→ **TASK OBJECTIVE**: Copy the records that follow exactly as written, but not their pictures.

→ **DATA FOR THIS TASK**:
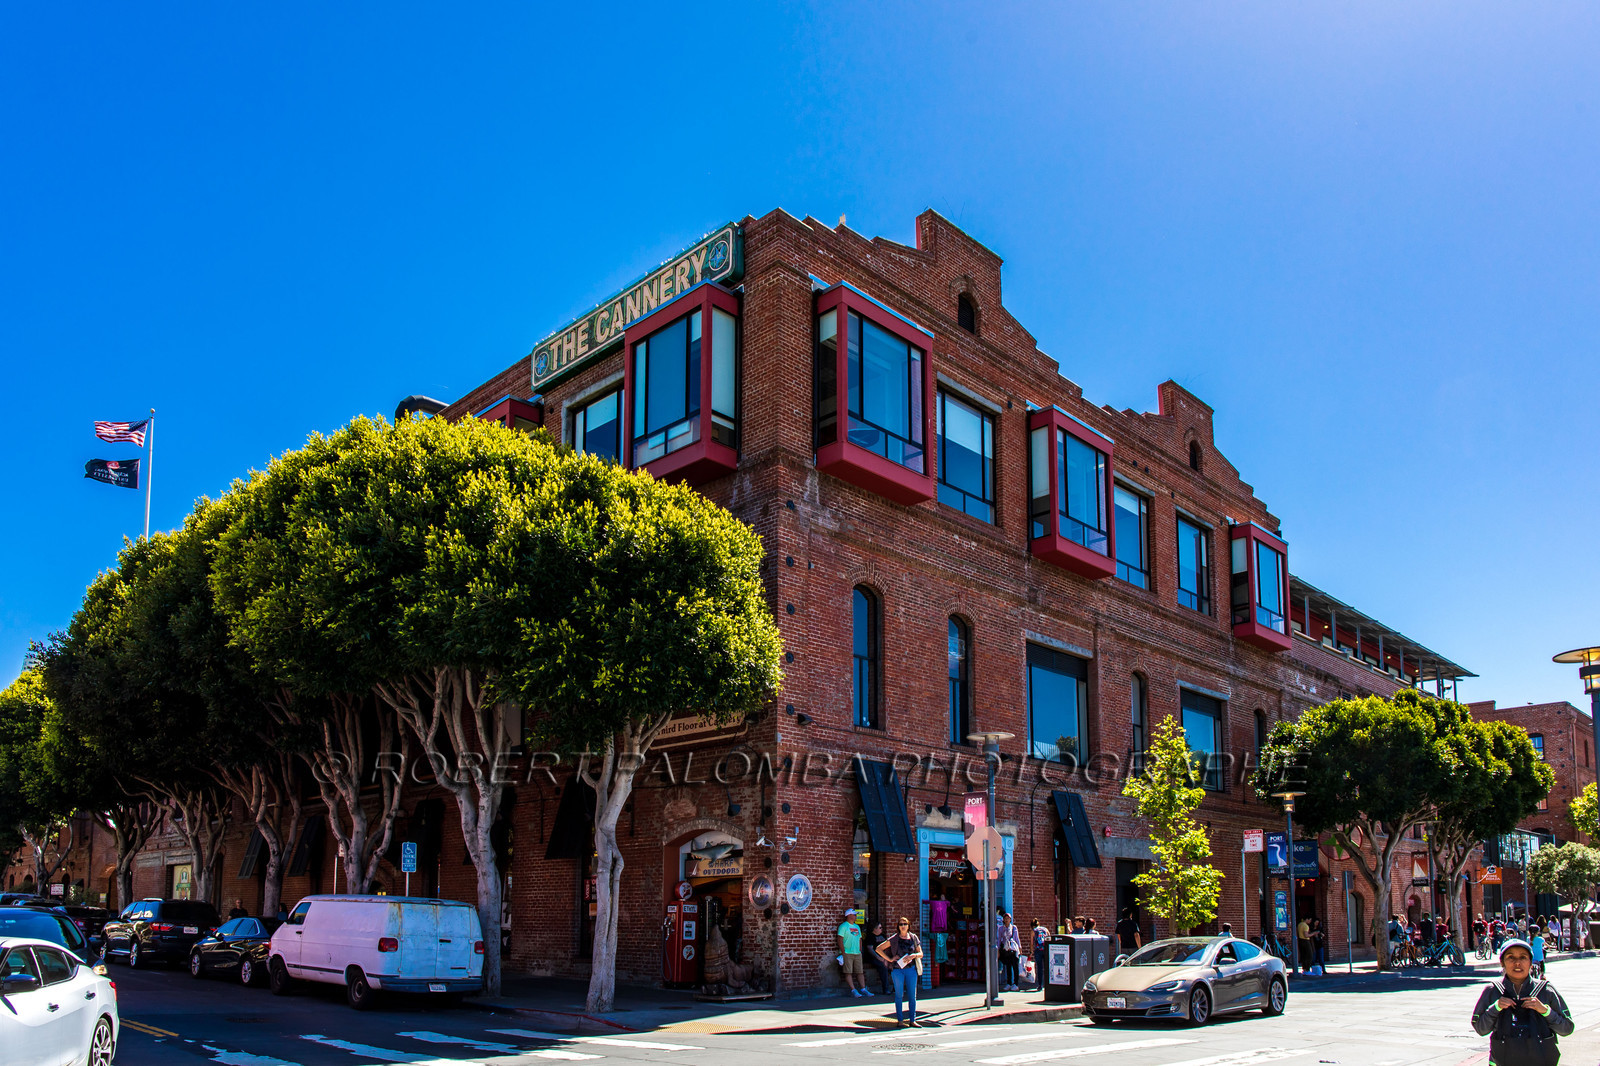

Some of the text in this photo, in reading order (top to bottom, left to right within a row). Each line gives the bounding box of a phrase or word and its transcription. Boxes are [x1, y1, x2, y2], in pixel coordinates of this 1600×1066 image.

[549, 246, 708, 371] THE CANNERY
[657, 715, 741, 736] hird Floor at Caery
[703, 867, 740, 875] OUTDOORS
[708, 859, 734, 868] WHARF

→ **ANSWER SECTION**:
Some of the text in this photo, in reading order (top to bottom, left to right within a row). Each line gives the bounding box of a phrase or word and its transcription. Boxes are [x1, y1, x2, y2], in pixel coordinates of this 1600×1066 image.

[549, 246, 708, 371] THE CANNERY
[657, 715, 741, 736] hird Floor at Caery
[703, 867, 740, 875] OUTDOORS
[708, 859, 734, 868] WHARF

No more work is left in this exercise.